La última de las tres conferencias del ciclo citado se registró con la asistencia del Dr. Alejandro González Gómez, Magistrado de la Primera Sala Penal y Presidente Sustituto del Supremo Tribunal de Justicia y del Consejo del Poder Judicial del Estado de Michoacán; del Magistrado Presidente del Tribunal Electoral del Estado, Jaime del Río Salcedo, y del Mtro.
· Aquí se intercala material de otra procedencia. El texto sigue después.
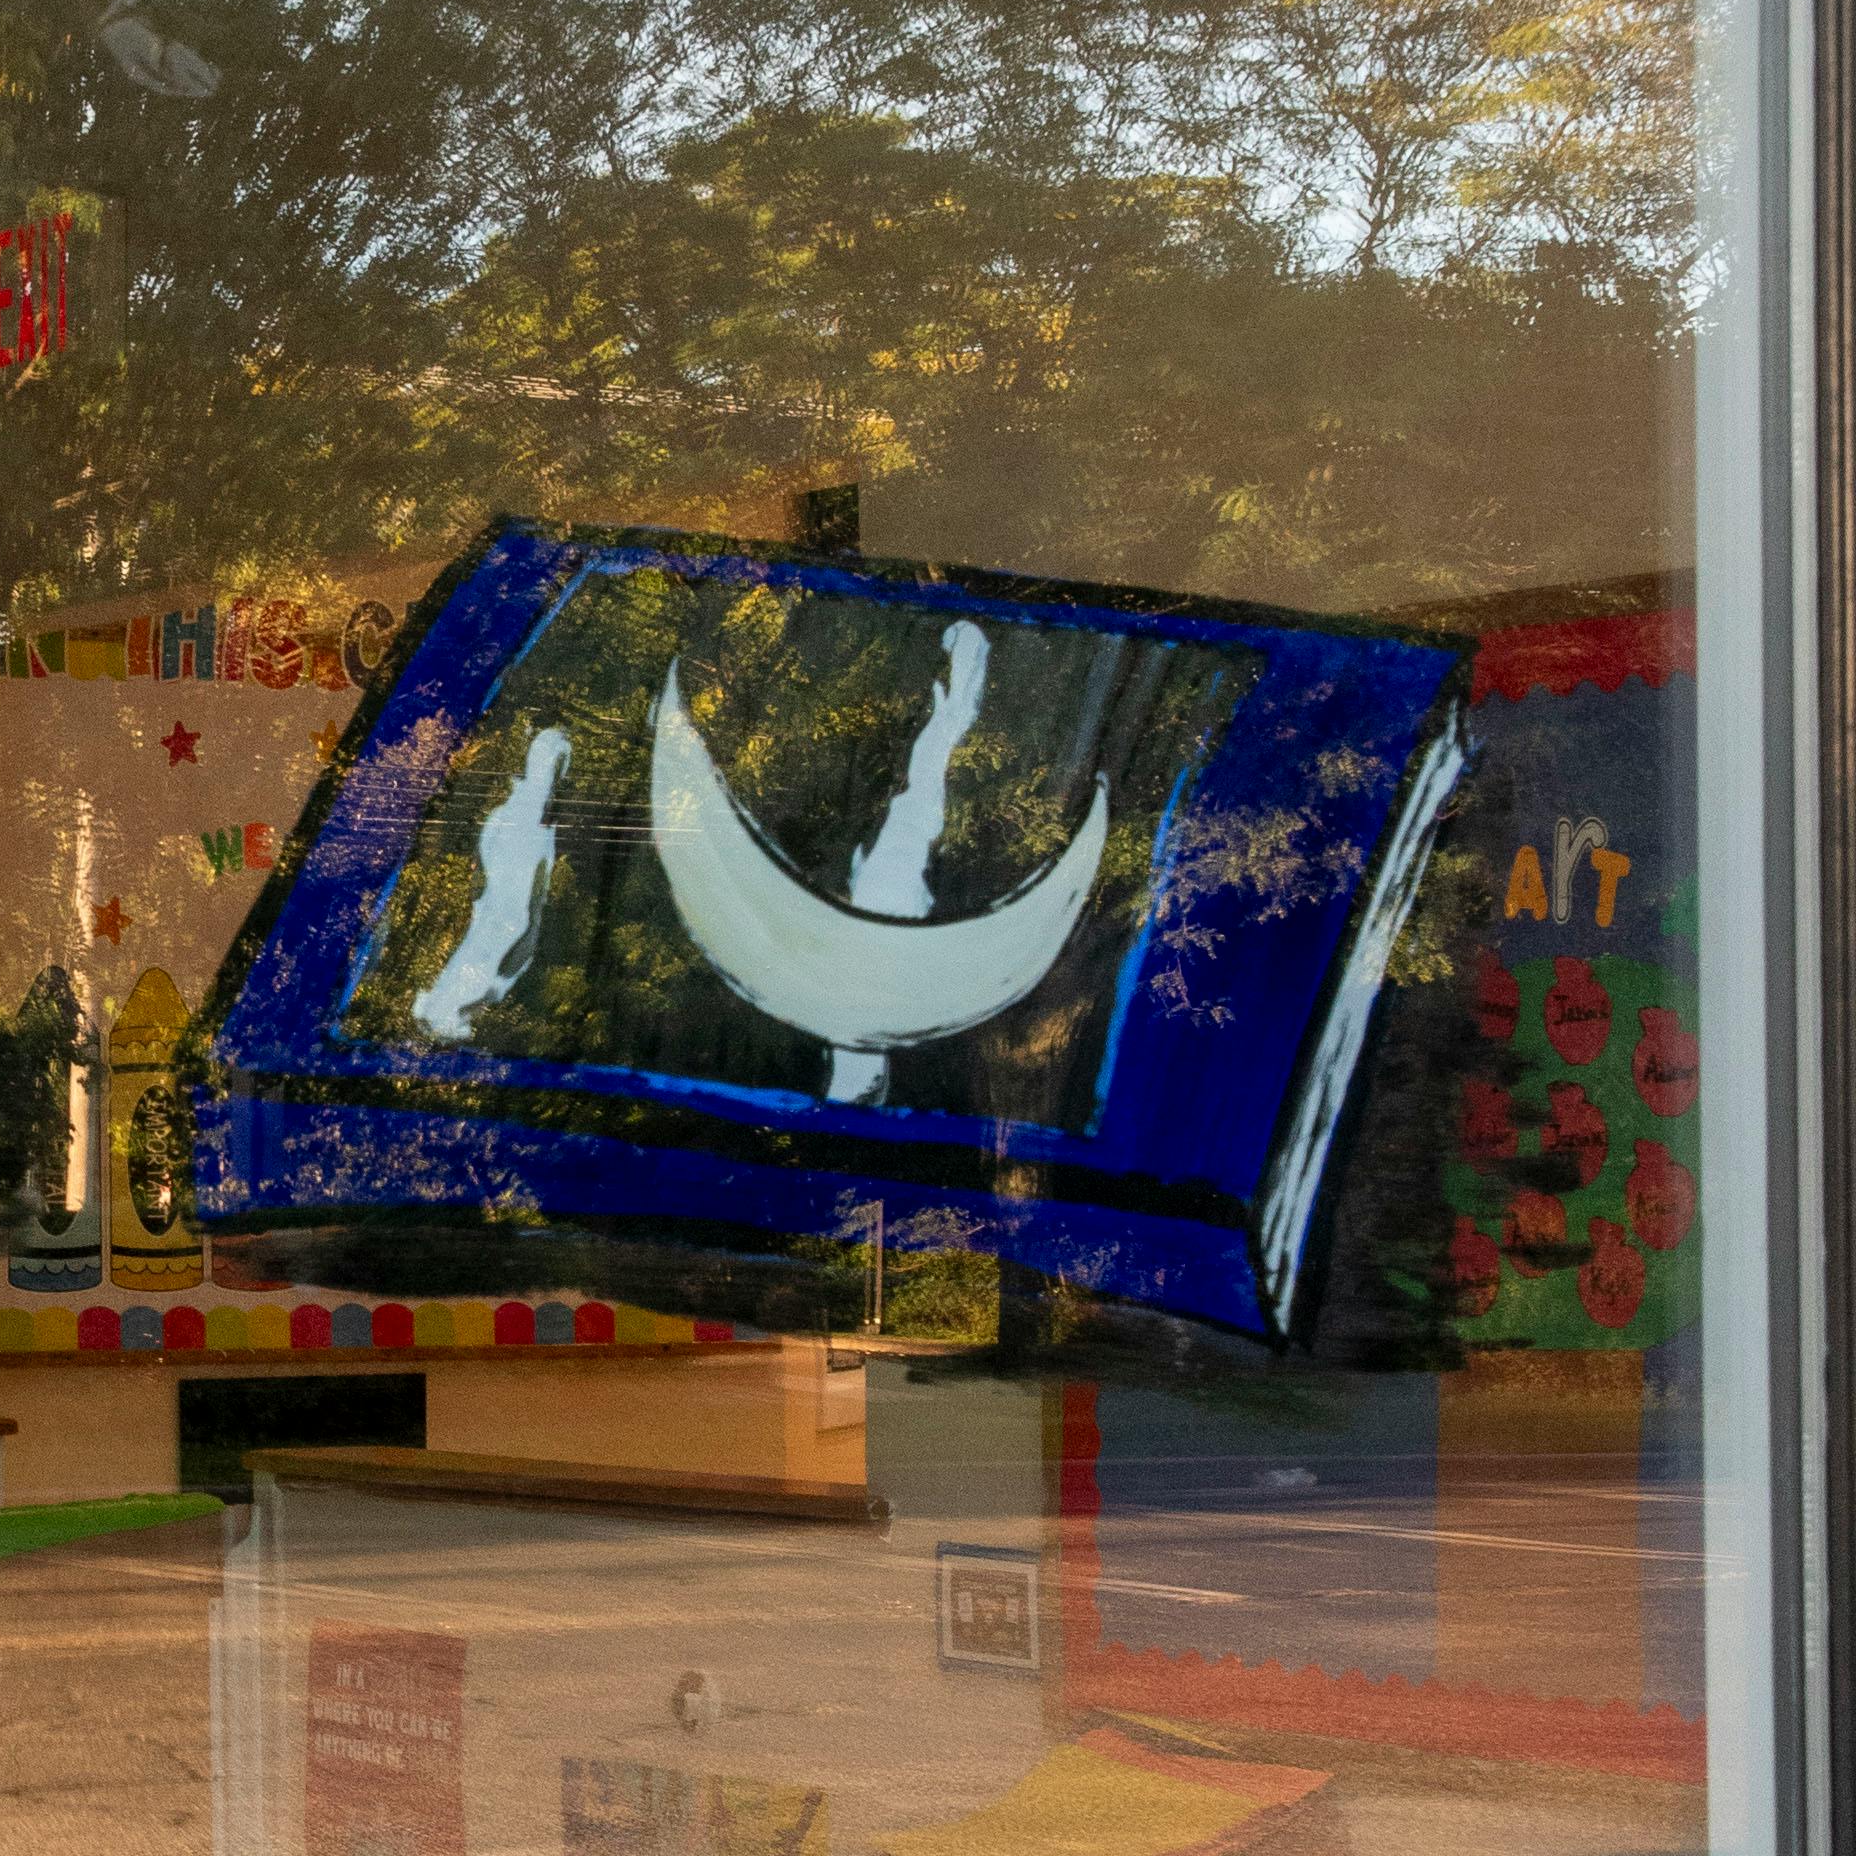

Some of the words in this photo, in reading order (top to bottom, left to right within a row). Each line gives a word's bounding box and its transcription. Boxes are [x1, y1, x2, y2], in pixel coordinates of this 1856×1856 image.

[200, 821, 280, 877] WE
[146, 1098, 172, 1223] IMPORTANT
[365, 1705, 395, 1734] YOU
[398, 1710, 429, 1739] CAN
Mario Alberto García Herrera, Jefe de la División de Estudios de Posgrado de la Facultad de Derecho y Ciencias Sociales de la Universidad Michoacana de San Nicolás de Hidalgo.
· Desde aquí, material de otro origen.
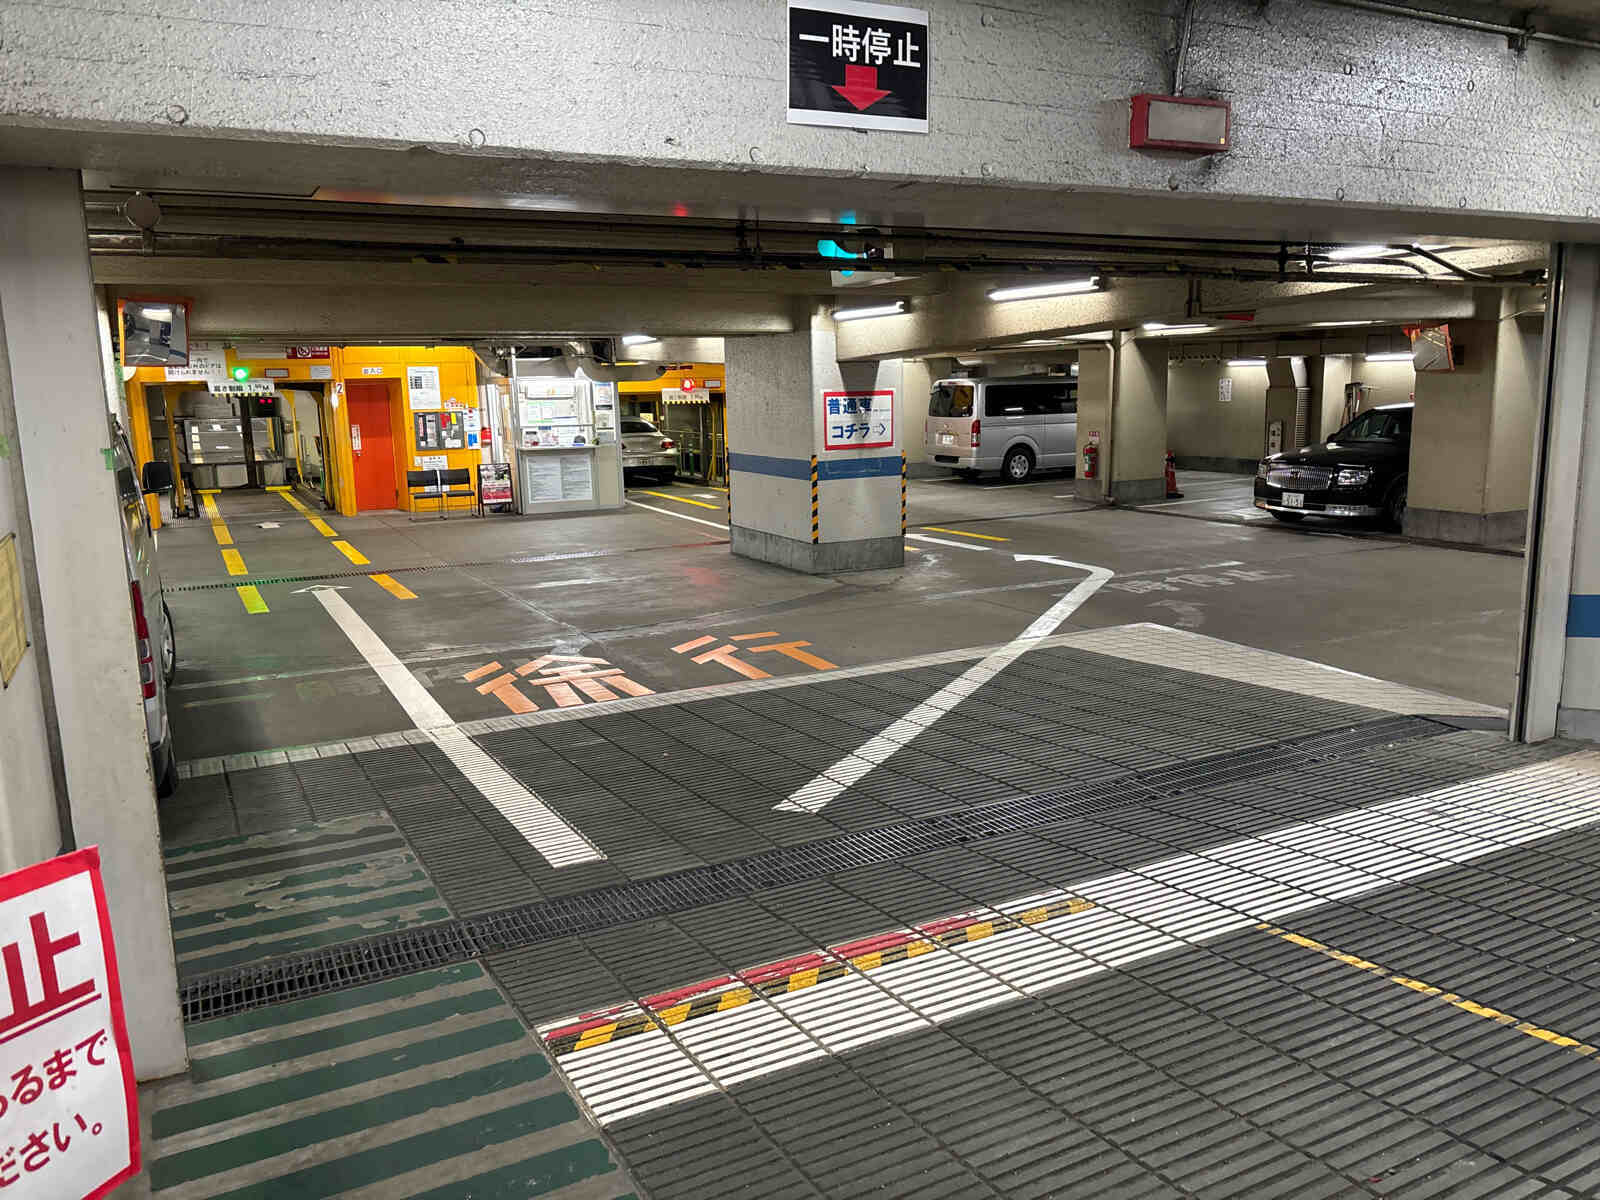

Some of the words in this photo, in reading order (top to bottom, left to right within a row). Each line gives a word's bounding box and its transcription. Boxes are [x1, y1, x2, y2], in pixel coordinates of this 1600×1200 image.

[798, 24, 921, 68] 一時停止
[336, 383, 343, 394] 2
[828, 397, 872, 416] 普通車
[832, 423, 870, 440] コチラ
[464, 631, 839, 715] 徐行
[0, 912, 96, 1033] 止
El catedrático del País Vasco, España, disertó en torno a la actuación del juez y el historiador, la valoración individualizada de las pruebas, la valoración de todas las pruebas, la necesidad de expresar las inferencias empleadas en el elemento probatorio y la valoración jurídica. 

Explicó que entre ambos profesionales, el historiador y el juez existe el interés de reconstruir hechos del pasado para conocer la verdad, donde el primero tiene una visión general de los hechos y se permite reconstruirlos, en tanto que el juzgador lo hace a partir de pruebas.
Indicó que los elementos de prueba deben realizarse primero de manera pormenorizada  e individualizada, para posteriormente hacerlo de forma conjunta, a fin de que sean elementos de control para verificar si hay elementos similares o contradictorios en el proceso.

El Dr. Juan Igartúa Salaverría expuso, luego de ejemplificar varios casos, el imperativo de que el sistema de valoración judicial de las pruebas cumpla con el procedimiento de fiabilidad de las mismas, mediante su adecuada valoración, ambos mecanismo tendientes a que el juzgador tenga elementos para exponerlas dentro de una hipótesis congruente, que dé paso a la exposición de las inferencias a partir de razonamientos que permitan unir hechos aislados. 

 



Señaló que las inferencias suelen ser de experiencia común, donde la máxima es compartir y no entrar en conflicto con experiencias recientes y señaló que no todas las máximas tienen  las mismas valoraciones probatorias.

Indicó que la valoración conjunta después de la limpieza de elementos, lleva al hecho valorado, que accede a hacer una historia verdadera con base a los elementos probatorios.

En la sesión de preguntas y respuestas, expresó que bajo su criterio la prueba directa es mejor, en lugar de los indicios, pero aclaró que también se debe cumplir con la prueba indirecta.  Agregó que la prueba de hechos secundarios debe ser validada por el juzgador; donde es deseable haya pluralidad de indicios para evitar hipótesis altamente conflictivas, así también, se debe procurar que los indicios del hecho probado sean prueba univoca del mismo.